“Only You” b/w “Watching the Boys Fall Down”
Current/RCA Records WAKE 18 (Canada)
Released in March or 1987
Produced by David Lord, Mark Gane and Martha Johnson
Confession: I haven’t heard this on its 7″ recording format, unlike all the other singles I’ve written about in this series. But the time lengths on the labels suggest this single contains album versions from The World Is A Ball, which seems very likely given its origins.

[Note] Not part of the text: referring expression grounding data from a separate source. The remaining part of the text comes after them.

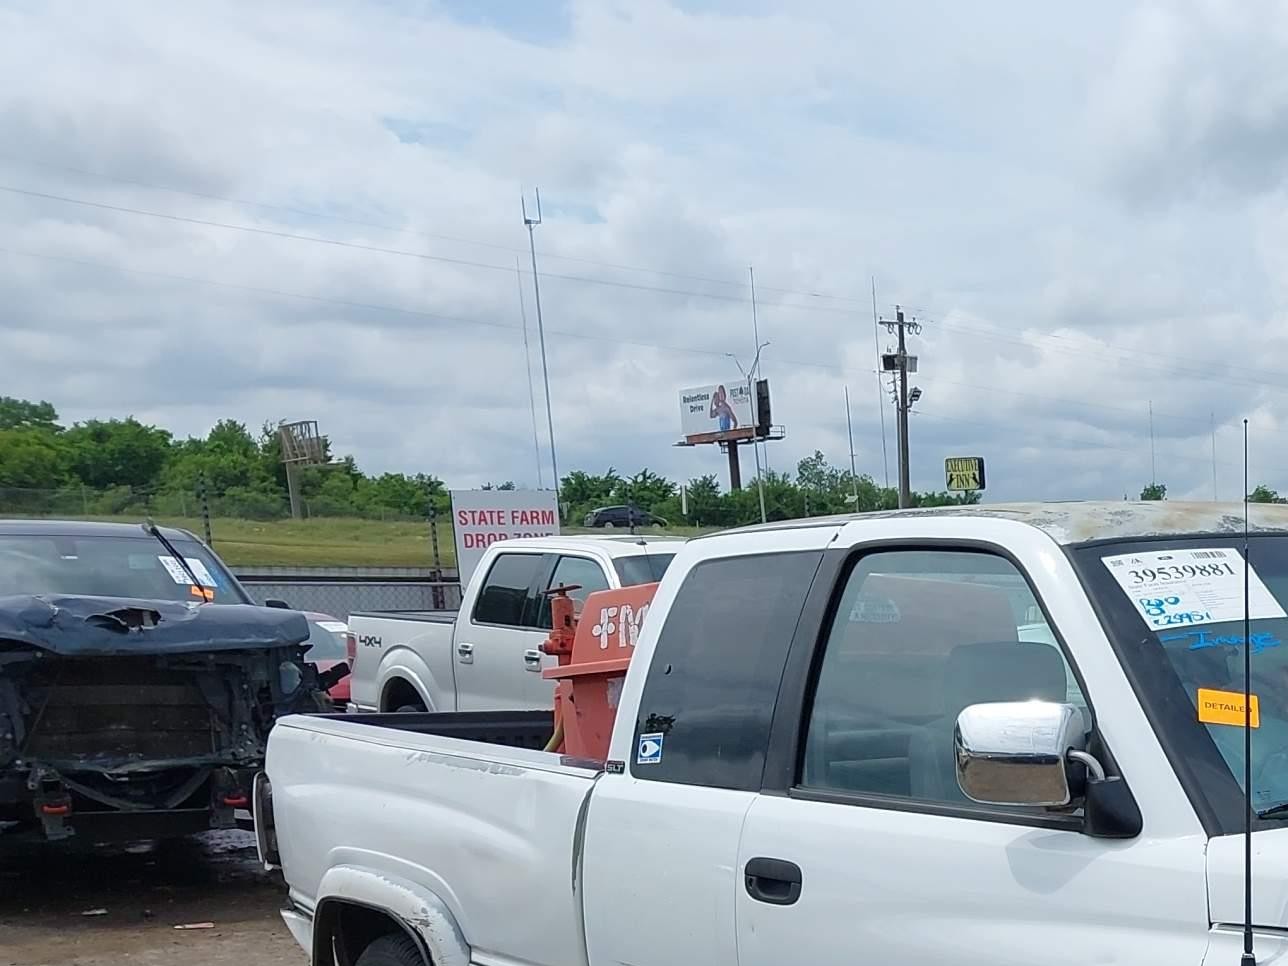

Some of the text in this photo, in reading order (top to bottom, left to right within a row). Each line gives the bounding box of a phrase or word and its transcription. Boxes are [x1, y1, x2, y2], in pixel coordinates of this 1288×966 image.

[690, 405, 704, 413] Drive
[956, 473, 970, 489] INN
[458, 510, 555, 526] STATE FARM
[1128, 562, 1237, 585] 39539881
[607, 763, 624, 773] SLT
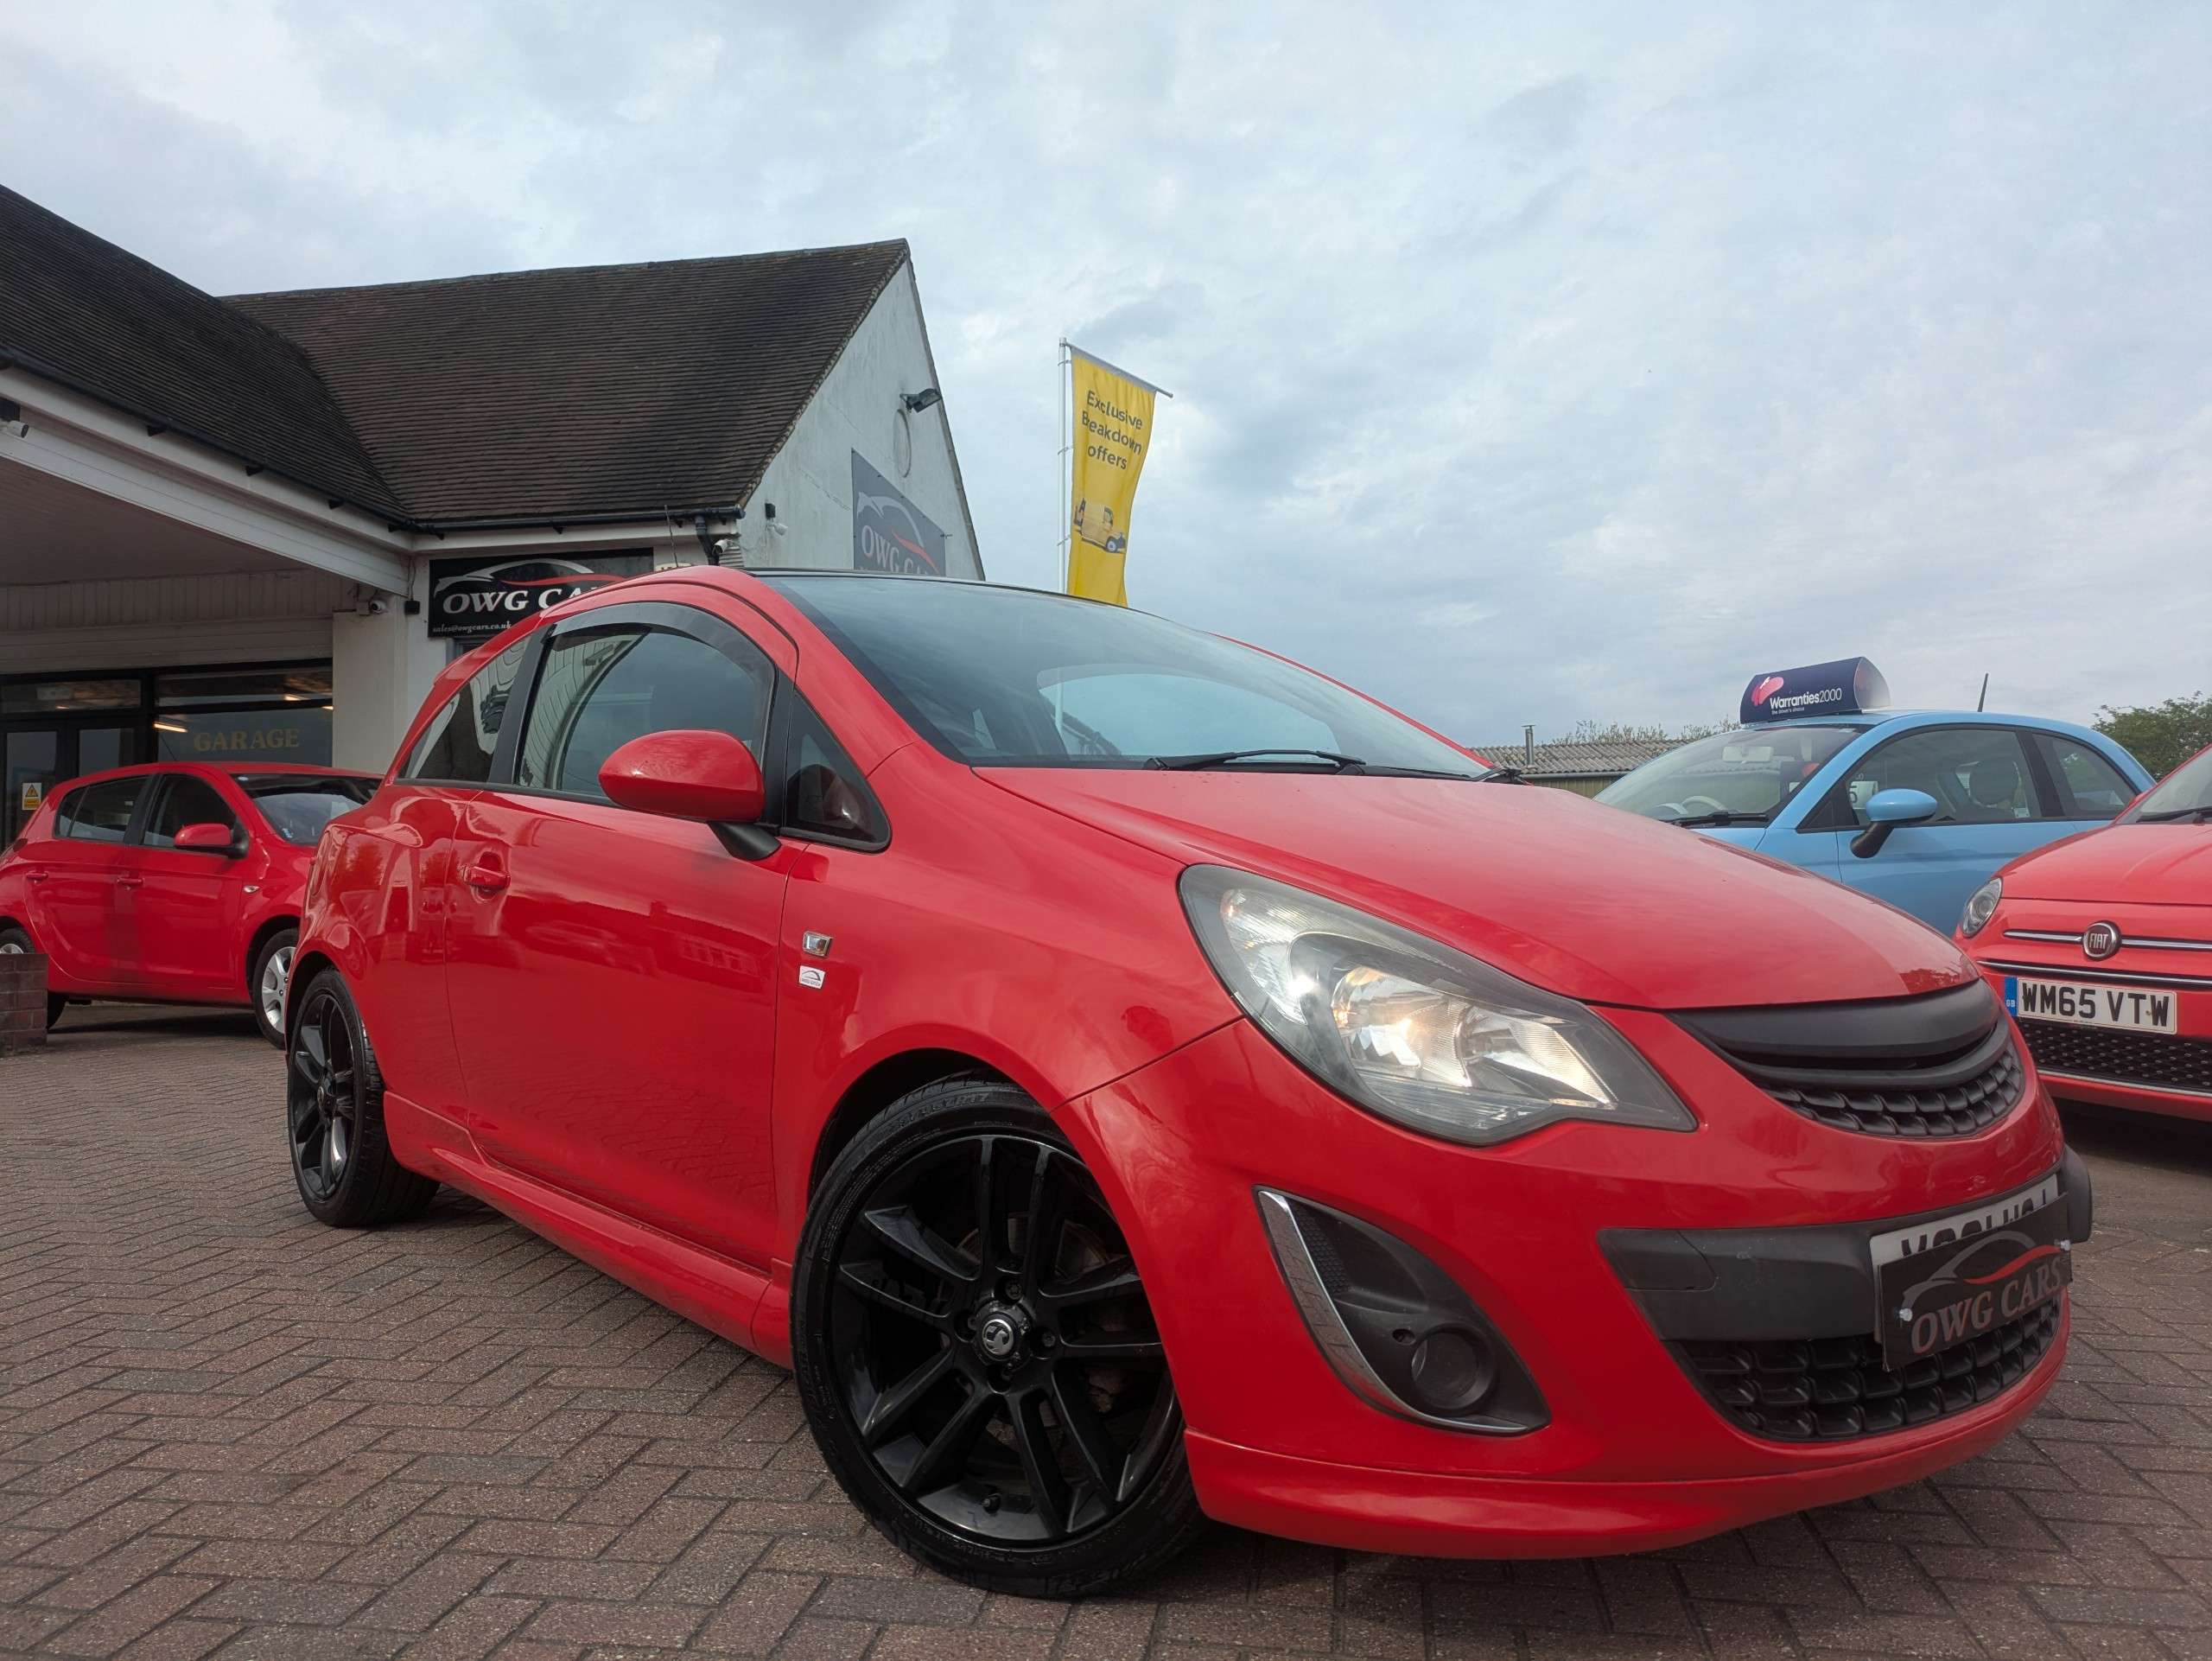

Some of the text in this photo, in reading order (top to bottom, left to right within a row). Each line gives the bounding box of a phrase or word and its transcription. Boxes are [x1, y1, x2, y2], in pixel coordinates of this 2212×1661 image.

[1086, 389, 1143, 430] Exclusive
[1082, 410, 1142, 455] Beakdown
[1087, 444, 1128, 470] offers
[861, 525, 900, 573] OWG
[442, 590, 531, 614] OWG
[1770, 688, 1842, 709] Warranties2000
[193, 729, 300, 752] GARAGE
[2089, 932, 2109, 950] FIAT
[2022, 982, 2170, 1027] WM65 VTW
[1910, 1255, 2063, 1354] OWG CARS

The story goes that after the last single, RCA had decided to stop working M+M’s second album (i.e., Martha and the Muffins’ sixth album, as retroactively rectified on the 2017 expanded CD reissue) any further. The multinational had given low priority to The World Is A Ball: retrenching the album’s printing to Canada and Europe; treating the U.S. as only a market for M+M dance singles; and declining to release the album on CD at a time when the compact disc was becoming increasingly popular for music consumers. Martha Johnson and Mark Gane felt different about the album’s viability, so they went ahead and made an experimental DIY promo video of “Only You,” driving around Toronto at night filming the projected lyrics against different surfaces, for instance, and mounting a camera atop a washing machine. “I think both of us still regard that as our one of or perhaps our best video,” Mark told me, and they used its existence to pressure RCA to release one more single out to accompany it.

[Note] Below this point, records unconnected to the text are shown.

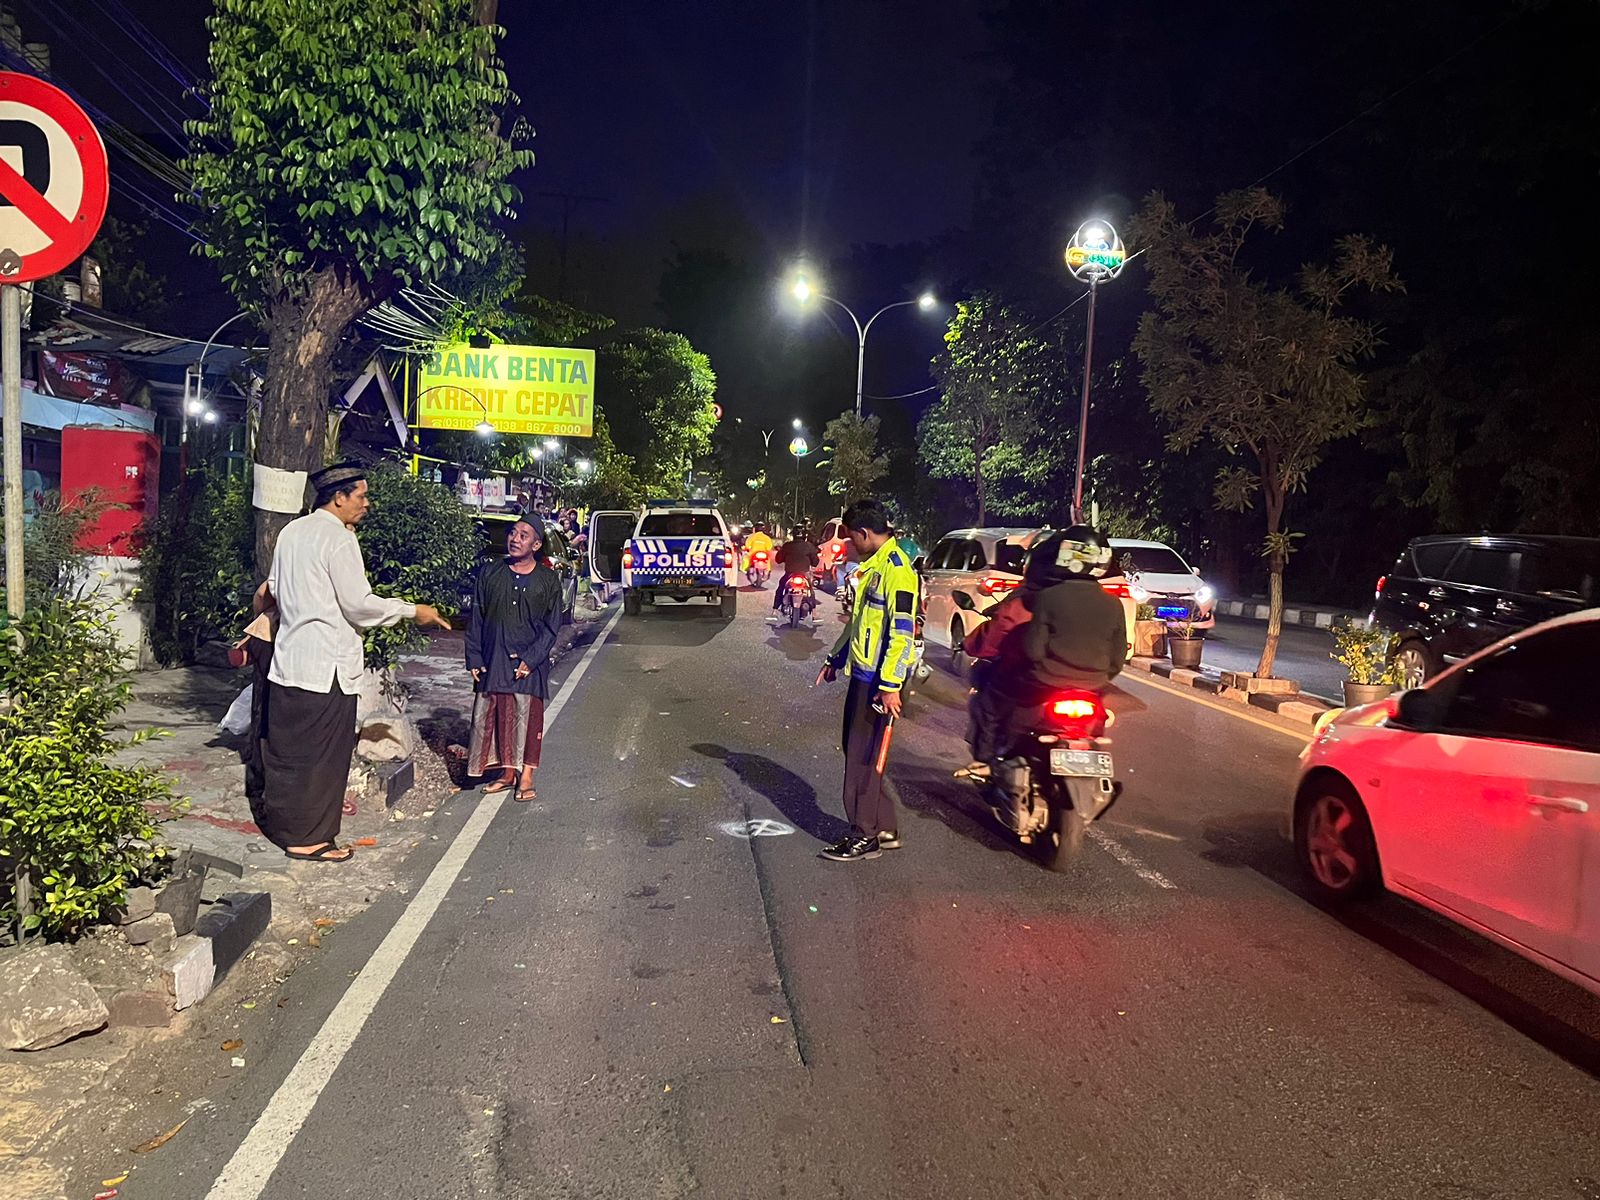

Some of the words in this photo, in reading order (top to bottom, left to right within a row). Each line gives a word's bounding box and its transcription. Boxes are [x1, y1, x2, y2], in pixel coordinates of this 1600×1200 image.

[426, 352, 499, 379] BANK
[508, 356, 588, 384] BENTA
[426, 386, 508, 413] KREDIT
[516, 390, 588, 417] CEPAT
[643, 554, 712, 567] POLISI

The 7″ shows a different style of music than the prior pop-funk singles off The World Is A Ball. Both tracks were recorded with the Canadian rhythm section of bassist David Piltch and drummer Mike Sloski, who accompanied M+M in early 1987 on a 12-date concert tour across eastern Canada. (No one knew it at the time, but this would be the last time Mark and Martha toured.) Due either to printing error or marketing conceit, the label suggests this is a double A-side single: “Only You” is printed “side 1,” and “Watching the Boys Fall Down” is printed “side A.”
“Only You” is extraordinary in the Muffins repertoire, a prototypical alt-rock anthem. If the tune is conventional in form and 80s production value, the performance is fierce, even edgy. Mark Gane’s treated and gated guitar is mixed loudly, driving along a stunning Johnson vocal performance. The bridge and outro feature a forceful instrumental break (guitar and bass stuttering out chords atop cavernous drum fills) that I find it hard not to bob (bang?) my head to. By the end of the track, Martha belts out, “Only you can make the the heavens cry” like the full-throated rock singer she had spent ten years denying she was.
On the flipside, “Watching the Boys Fall Down,” Martha sasses here and growls there to a lyric decrying the mandatory masculinity that oppresses men. The track floats atop a percussive, vaguely world-music rhythm (on the album, the track segues seamlessly out of the reggae-infused “I Watch • I Wait”). This bottom secures David Lord’s twinkling keyboards and brassy riffs and fills the middle with sonic space — a rare entity, given David Lord’s busy production style. The result isn’t far from the kind of sounds Daniel Lanois was recording with Peter Gabriel at the same time in Bath, England.
As the final single in the Martha and the Muffins 7″ catalogue, “Only You” serves effectively as an indicator of Mark and Martha’s musical development since founding the band ten years before at the Ontario College of Art. The two have become inarguably seasoned and skilled musicians, songwriters and arrangers, even though they still couldn’t read music. If their postpunk edge has been sanded off by this point, their experimental ethos is still intact and, on less pop-focused tracks like the a-side and b-side here, still throwing sparks.
And that’s it. Shortly after the single’s release, Mark and Martha packed up their studio gear and nine boxes of personal belongings, and departed Toronto to return to Bath, England, where they lived and created music for another three years. They also broke ties with their manager, his label, Current Records, and their connections to RCA Records. This period resulted in a seventh album, Modern Lullaby, recorded once again under the Martha and the Muffins name, and released on Canadian indie label Intrepid Records. The 1991 album would even be supported by a new single, “Everybody Has a Place,” with a promo video that got little traction on Much Music or other pop-music media which had been better to Martha and the Muffins in the previous decade. But this was a single in promotion only; by this point, outside of esoteric indie labels, the 7″ a-side/b-side vinyl medium had become obsolete.